Alternative splicing is one of the most general and important biological processes in the eukaryotic cell. It affects more than 90% of human genes, it is essential for protein diversity and any misregulation of the highly tissue-specific alternative splicing programs can lead to disease, such as cancer. However the mechanisms of cell-specific alternative splicing regulation are still largely unknown.
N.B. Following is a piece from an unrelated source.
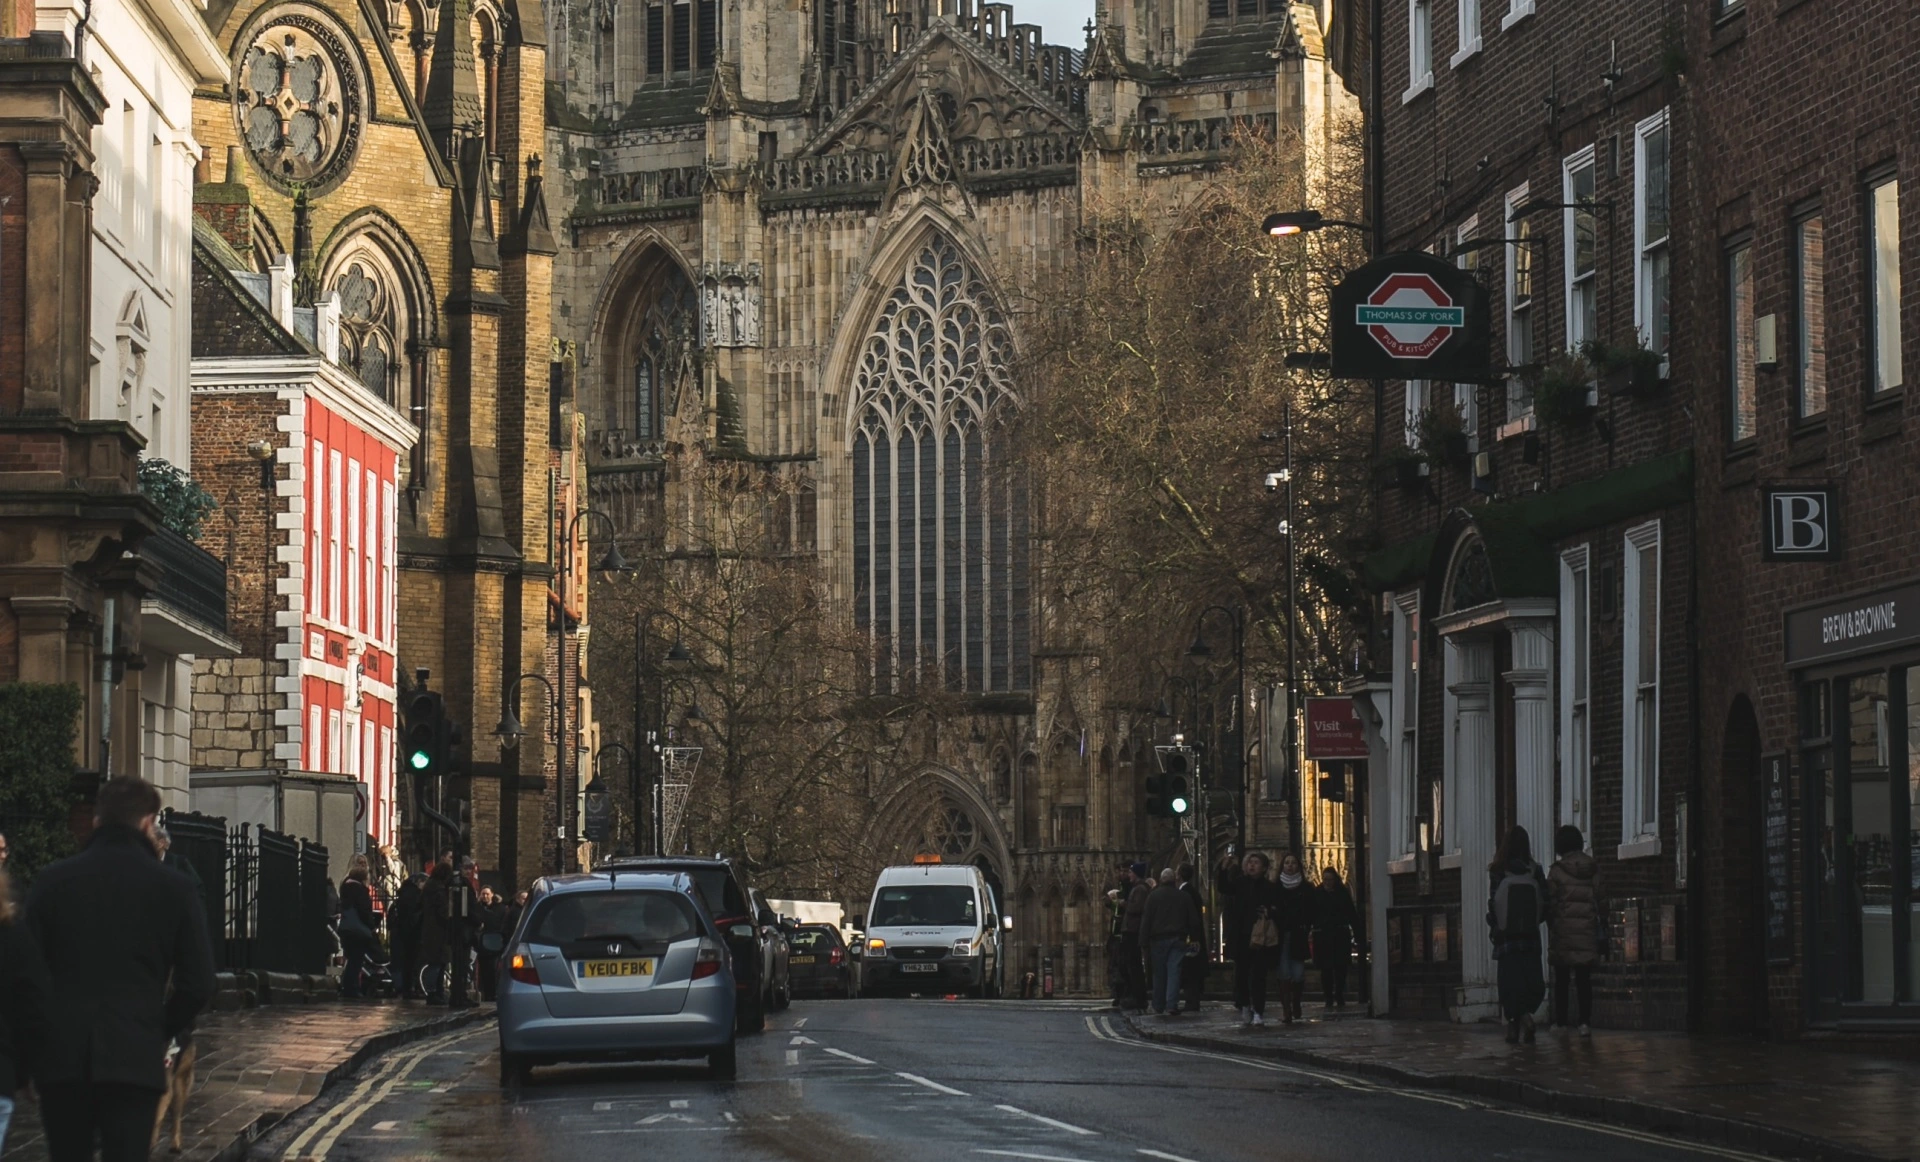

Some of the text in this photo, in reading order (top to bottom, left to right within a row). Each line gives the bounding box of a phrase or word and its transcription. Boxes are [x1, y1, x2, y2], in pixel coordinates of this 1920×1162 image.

Unexpectedly, in the past 15 years, chromatin and epigenetic modifications have been shown to play an important role in the regulation of alternative splicing.

Achievements

Using different approaches, from genome-wide to gene-specific, we have shown that histone marks are sufficient and necessary to induce the changes in alternative splicing necessary for an EMT. Moreover, these splicing-associated histone marks play a combinatorial role coordinating the alternative splicing of functionally-related genes in a highly dynamic way, suggesting that rapid splicing responses could also be regulated by epigenetics.

Projects

Our group aims at the better understanding of the role of epigenetics in the onset and maintenance of tissue-specific splicing programs, using as an inducible cell reprogramming model system the epithelial-to-mesenchymal transition (EMT). For that purpose we are using genome-wide deep sequencing approaches (RNA-seq, ChIP-seq, CUT&Run, 4C-seq), that combined with state-of-the-art molecular and cell biology tools, such as CRISPRS-dCas9 tools, will help us better understand the impact of histone modifications and 3D chromatin organization in establishing a new splicing program necessary for the cell reprogramming during EMT.